Nora trudged through the snow, sweat dripping down her back despite the subzero temperatures. She muttered under her breath as she walked, the stream of fog that accompanied it cut in half by the scarf pulled up to her bottom lip. The snowshoes had been a god-send, and the scraping sounds of the metal had become monotonous. The snow was easily over a foot high at this point, but rain had come in the night to create a thick film of ice for her to balance her way across.
She’d always enjoyed the sounds of winter: everything became muffled and quiet in a very loud way. She’d loved standing by the open door of the porch and listening to the crunch of the snow under the tires of the solitary car carefully making its way somewhere in the middle of the night.
The trees around her now were taller than possible, and appeared to bend over her head without ever fully closing the gap. The white sky remained open above her, just enough.
The woods had flirted with her for days. An opening here, a clearing there. Paths appeared and disappeared just as quickly. The break in the dead canopy above her taunted her all the while.
“I’m getting really fucking tired, Nora.”
It had been days. Maybe more. Nora had no way of knowing. The forest around her was endless- as nature should be. She never passed the same landmark twice. The sun did not set, because there was no sun. Just whiteness. Nora suspected that night came when the trees provided her with shelter: A cabin. The inside was warm and pleasant, white furnishings lovingly illuminated by a cheerful fireplace. She’d lost track of how many cabins she’d come across, for the simple fact that every single one had been identical. Only one stood out to her foggy memory, and it was not the cabin itself, but the man who stood outside it.
He had framed himself in the center of one of the front windows, the wall being his only barrier to the flames.

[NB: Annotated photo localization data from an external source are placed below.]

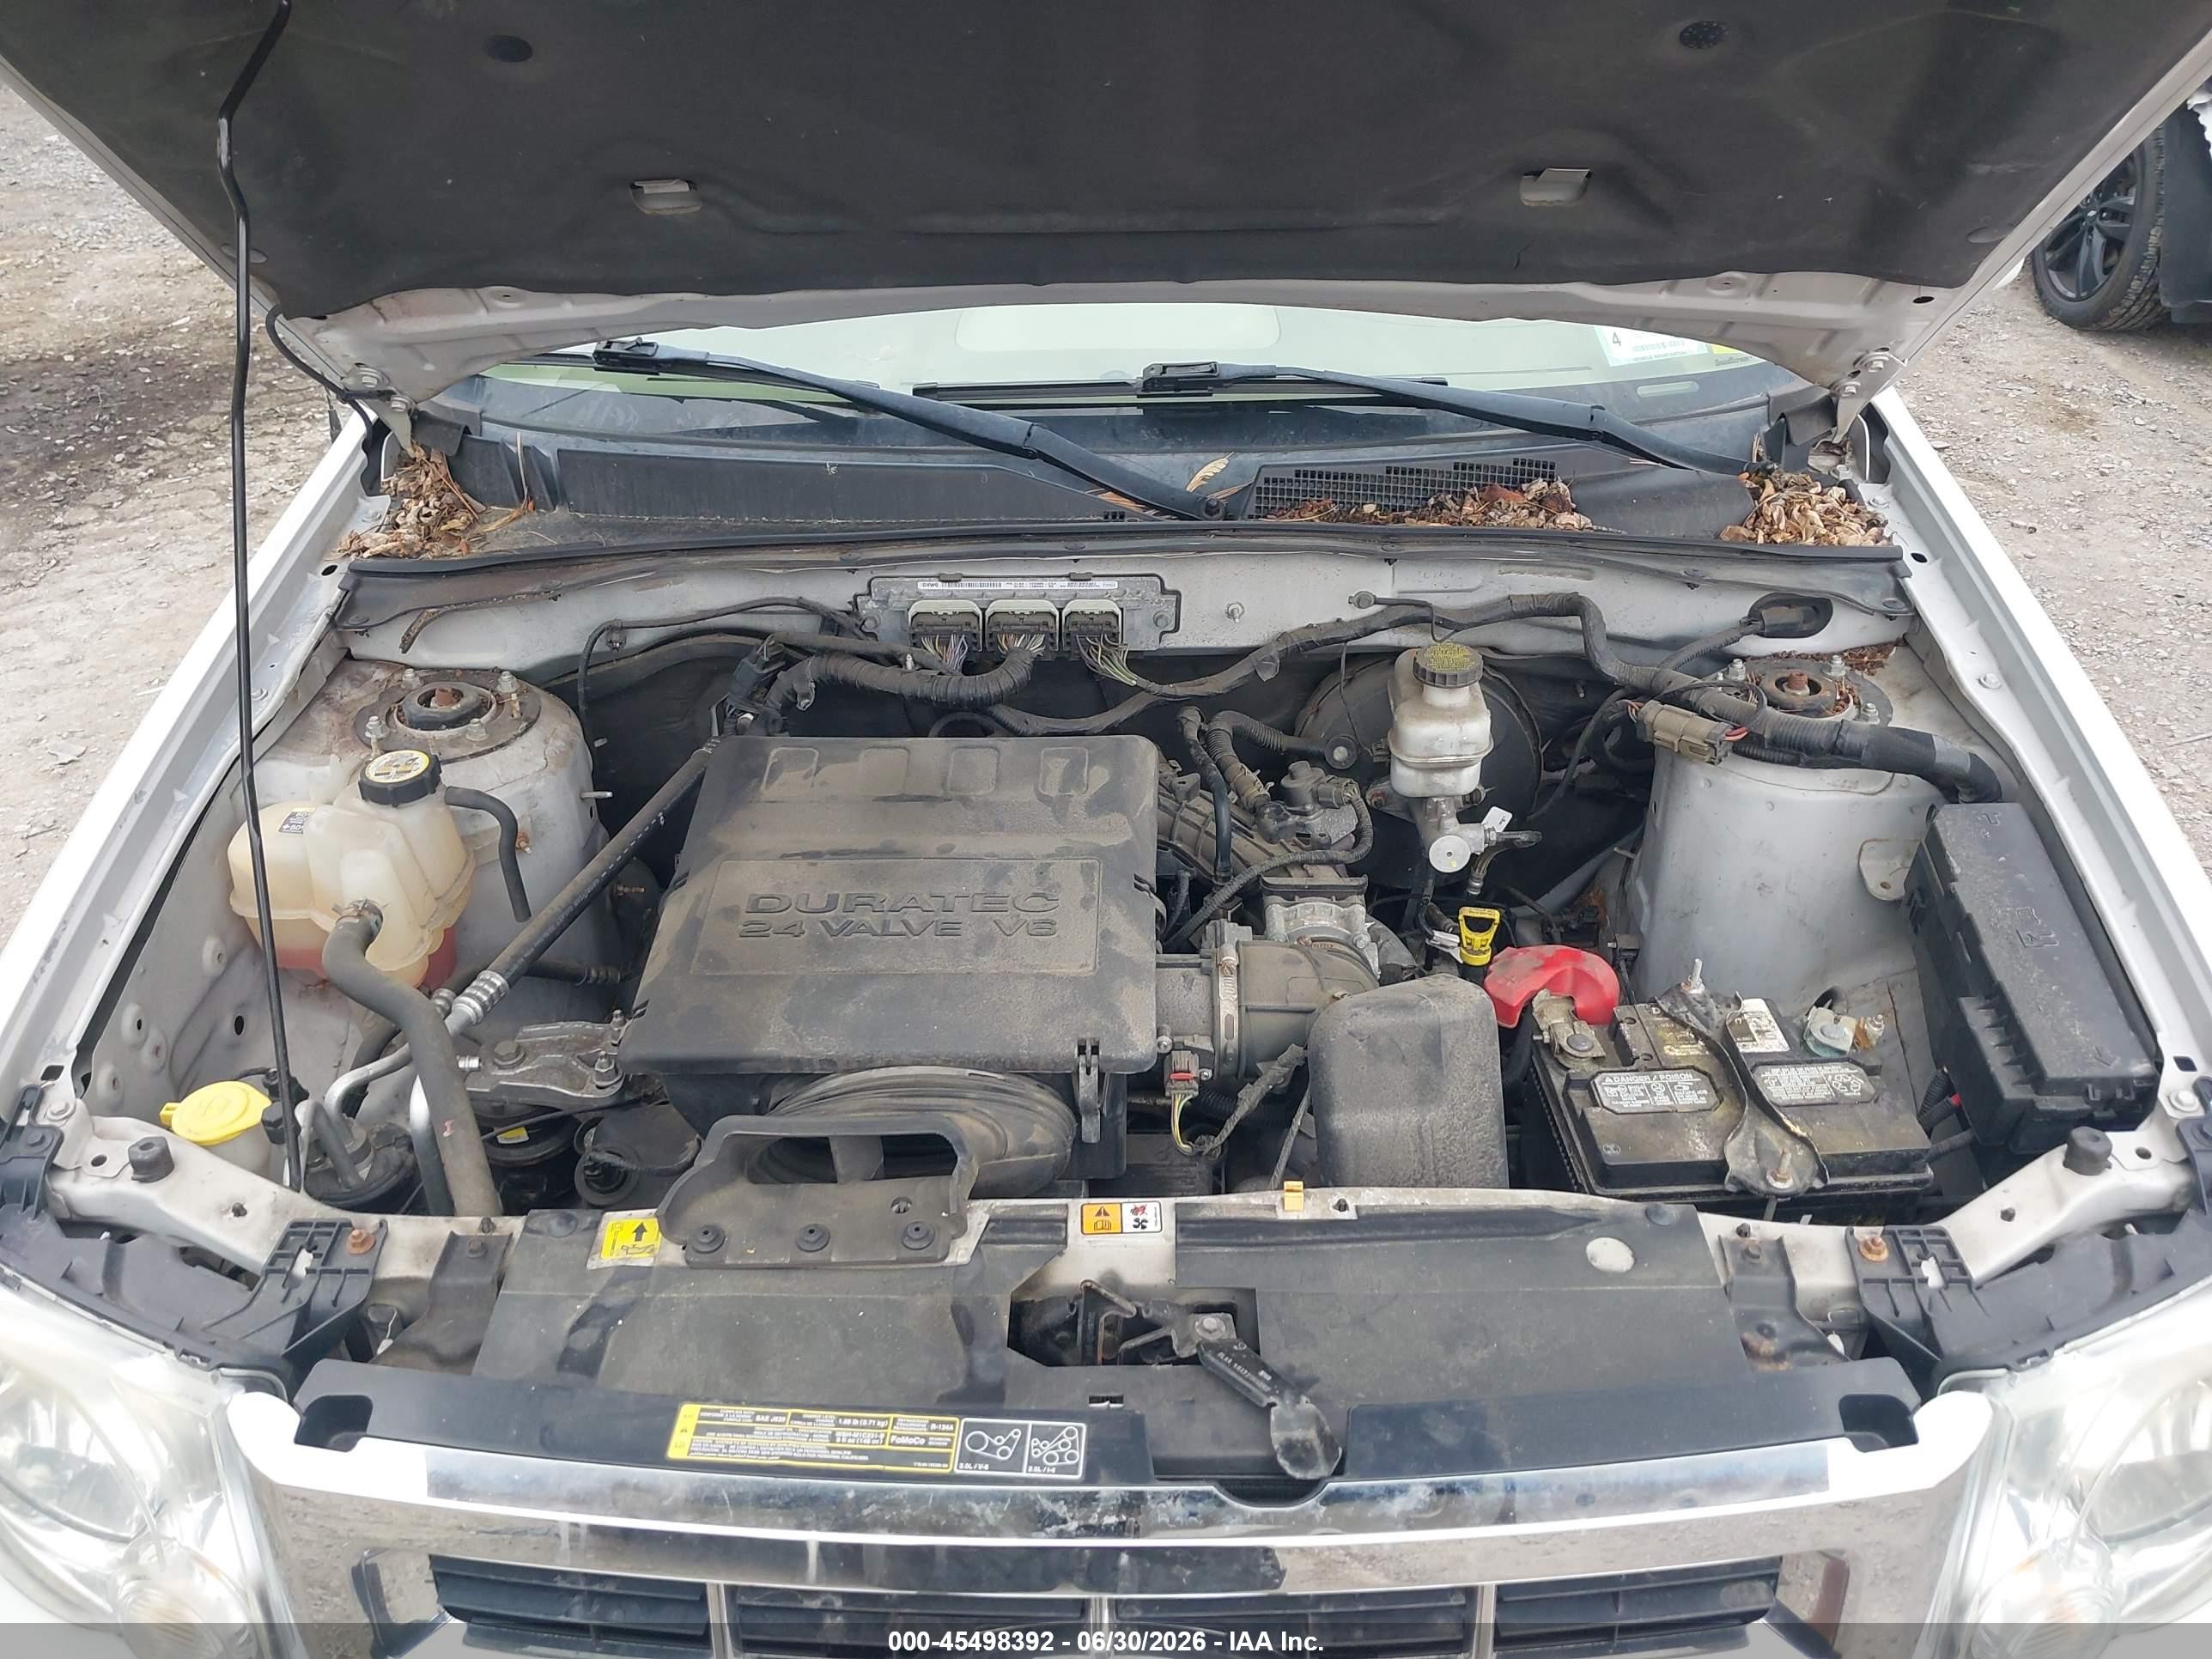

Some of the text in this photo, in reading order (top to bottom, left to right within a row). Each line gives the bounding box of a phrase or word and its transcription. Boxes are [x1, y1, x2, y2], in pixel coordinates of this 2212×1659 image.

[744, 892, 1059, 914] DURATEC
[738, 919, 1058, 938] 24 VALVE V6
[1659, 1073, 1693, 1081] POISON
[890, 1435, 926, 1445] FoMoCo
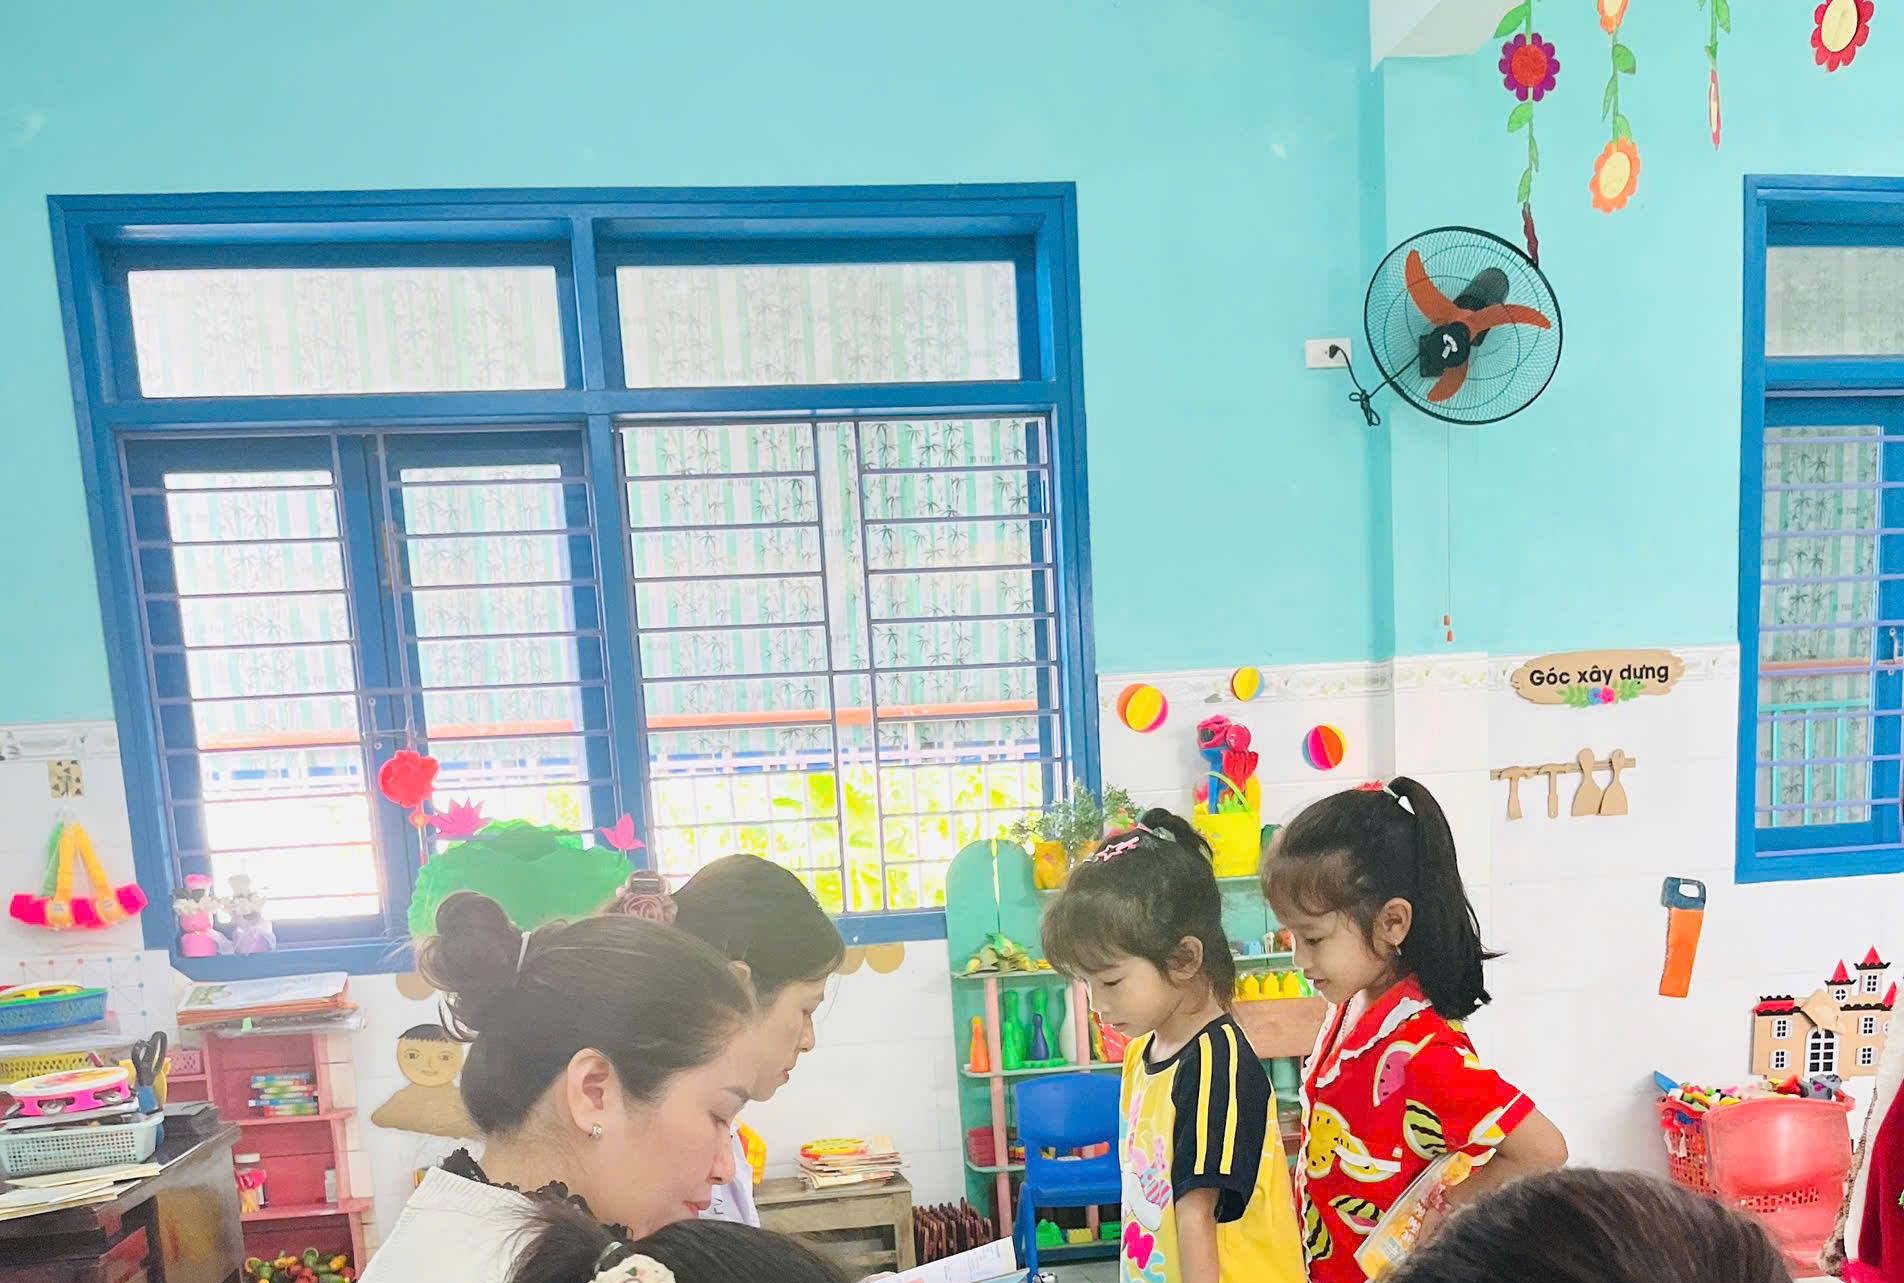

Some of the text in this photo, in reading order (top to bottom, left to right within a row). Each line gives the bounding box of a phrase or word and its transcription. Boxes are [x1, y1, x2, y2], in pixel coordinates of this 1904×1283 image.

He smiled at her with a mouth that did not meet his eyes. Nora did not speak to him. Nora did not open the door to him. Nora did not acknowledge him, except to sit on the couch and meet his stare all night. When it was time for her to leave, so did he.
Nora had not seen the man since.
She did not wonder about him. In truth, her lack of reaction frightened her more than he ever could have.
A cabin stood in the distance. Nora breathed a sigh of relief, steaming her vision momentarily. She hadn’t noticed the pain in her stomach until now.
The cabin remained in the distance.
Nora began to run.
The cabin did not move.
“No!” she screamed, collapsing to the ground. Her weight came down with full force, her knees shattering the ice and causing her to sink down several inches. “You fucking bastard!”
Her throat tore, and she felt the iron begin to dance on her tongue while she screamed. Nora did not dare to cry: the feeling of frozen tears on her cheeks once was enough to teach her a lesson. Instead she unleashed every bit of pain and frustration and sorrow and coldness in her bones through her mouth.
Nora exhausted herself and curled forward. “I can’t let myself die out here,” she whispered hoarsely. “Why can’t I just let myself die out here?”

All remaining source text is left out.